DIRECTIONS: Every line of the data below is to be given again as it appears, with the images removed.
MATERIAL PROVIDED section start
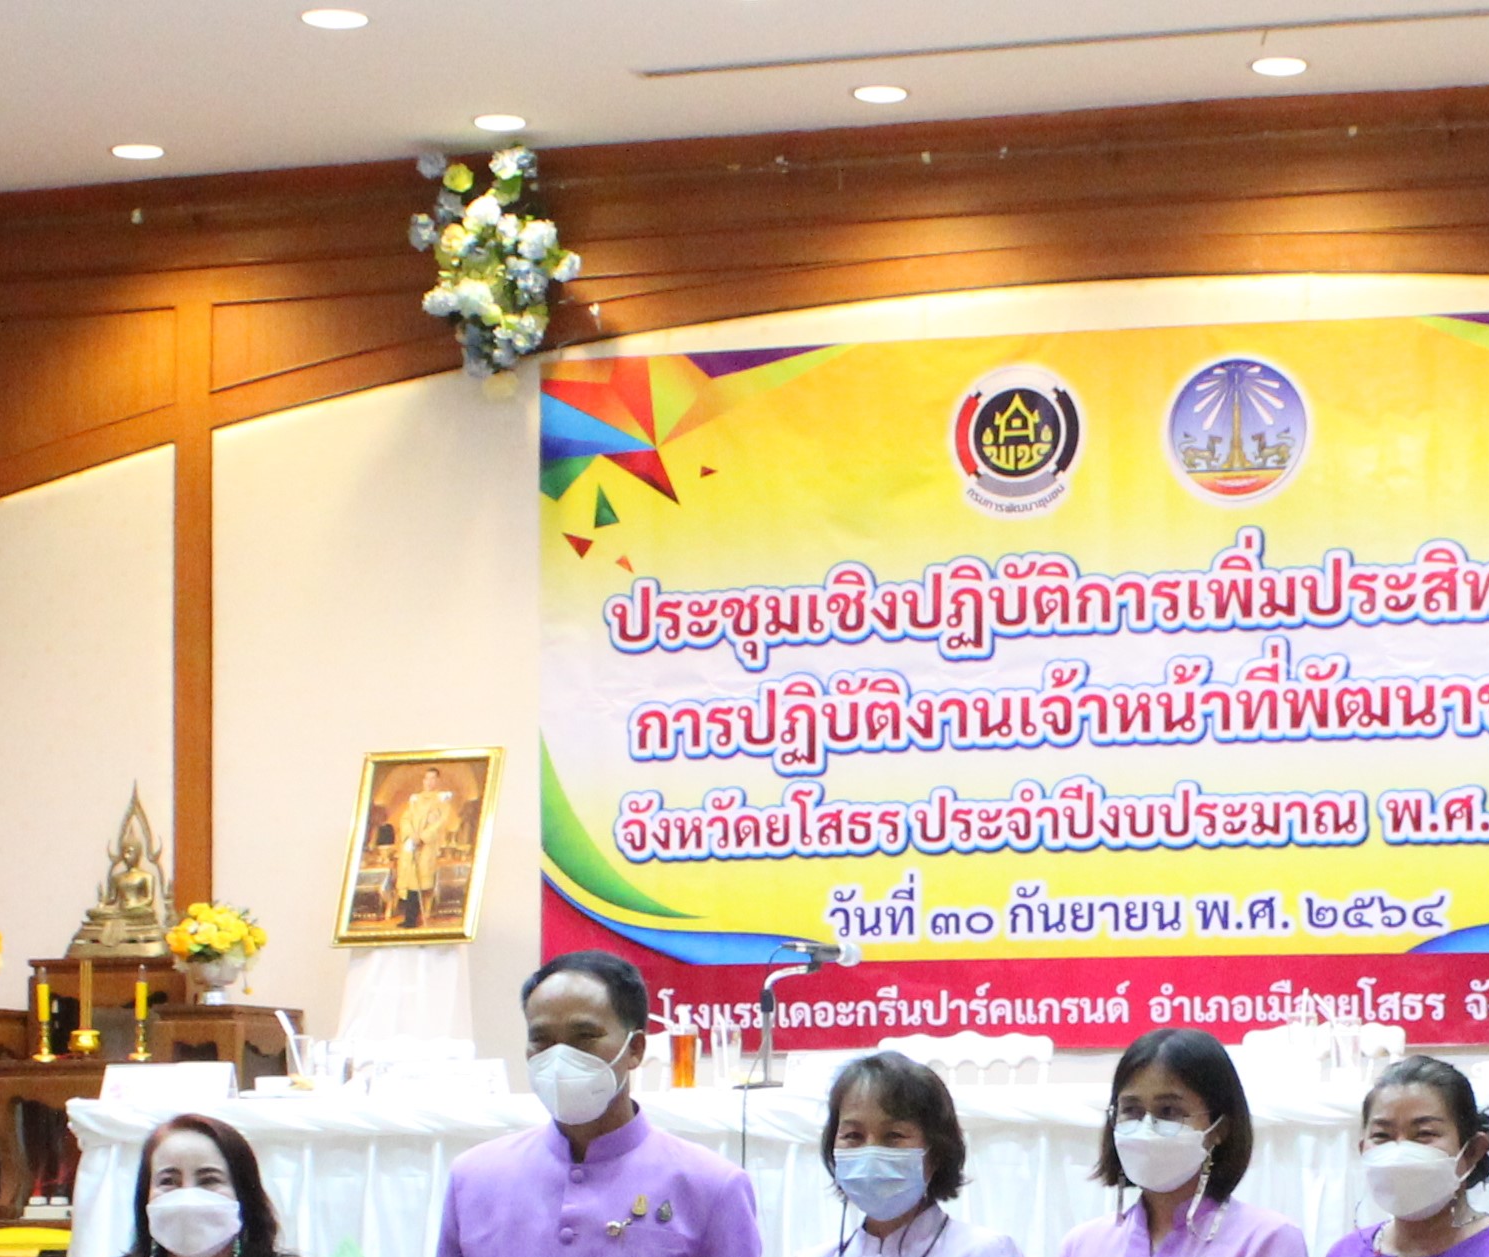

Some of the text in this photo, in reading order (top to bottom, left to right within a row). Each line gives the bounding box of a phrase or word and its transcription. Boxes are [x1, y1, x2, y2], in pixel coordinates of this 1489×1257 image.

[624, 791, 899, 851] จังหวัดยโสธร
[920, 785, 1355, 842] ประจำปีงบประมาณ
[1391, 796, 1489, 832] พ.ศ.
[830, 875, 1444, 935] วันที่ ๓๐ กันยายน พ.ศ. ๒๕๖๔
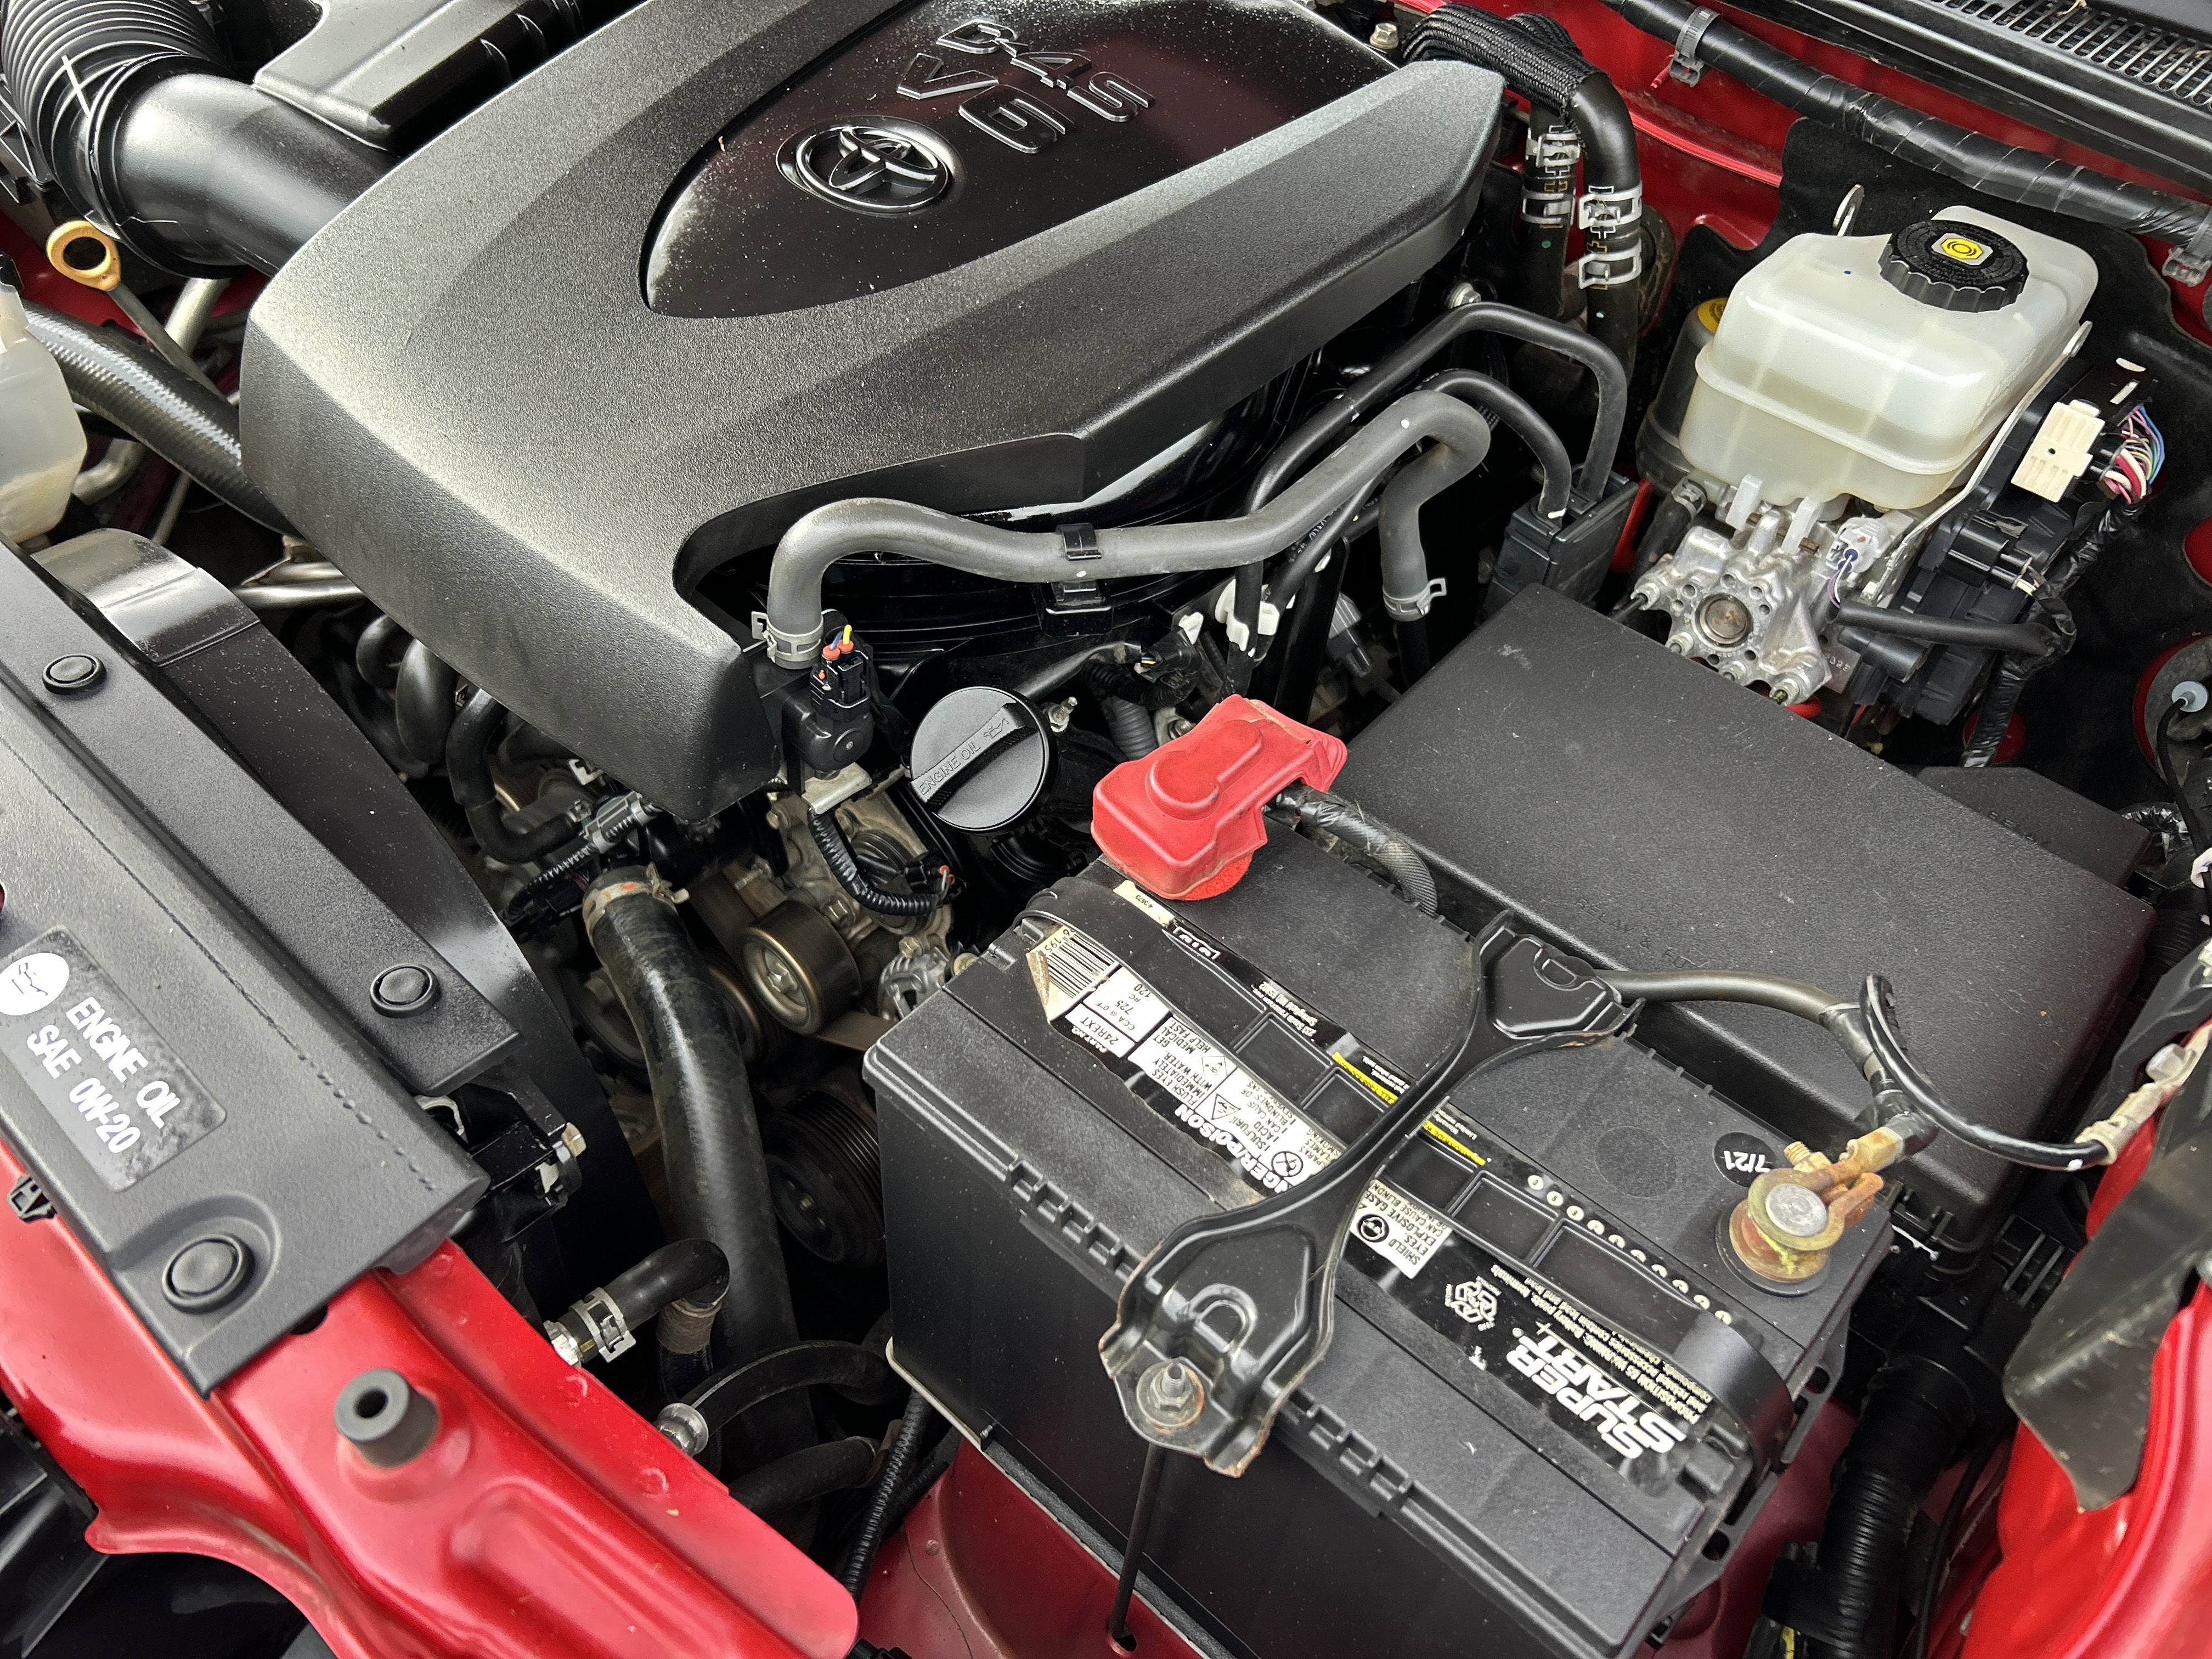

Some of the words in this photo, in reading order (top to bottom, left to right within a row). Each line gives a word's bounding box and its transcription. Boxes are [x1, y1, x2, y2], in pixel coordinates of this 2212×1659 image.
MATERIAL PROVIDED section end
RESPONSE AREA:
Some of the text in this photo, in reading order (top to bottom, left to right within a row). Each line gives the bounding box of a phrase or word and its transcription. Boxes are [x1, y1, x2, y2], in pixel coordinates of this 1489×1257 image.

[624, 791, 899, 851] จังหวัดยโสธร
[920, 785, 1355, 842] ประจำปีงบประมาณ
[1391, 796, 1489, 832] พ.ศ.
[830, 875, 1444, 935] วันที่ ๓๐ กันยายน พ.ศ. ๒๕๖๔

Some of the words in this photo, in reading order (top to bottom, left to right within a row). Each line gives a word's bounding box and its transcription. Boxes are [x1, y1, x2, y2], in pixel coordinates of this 2212×1659 image.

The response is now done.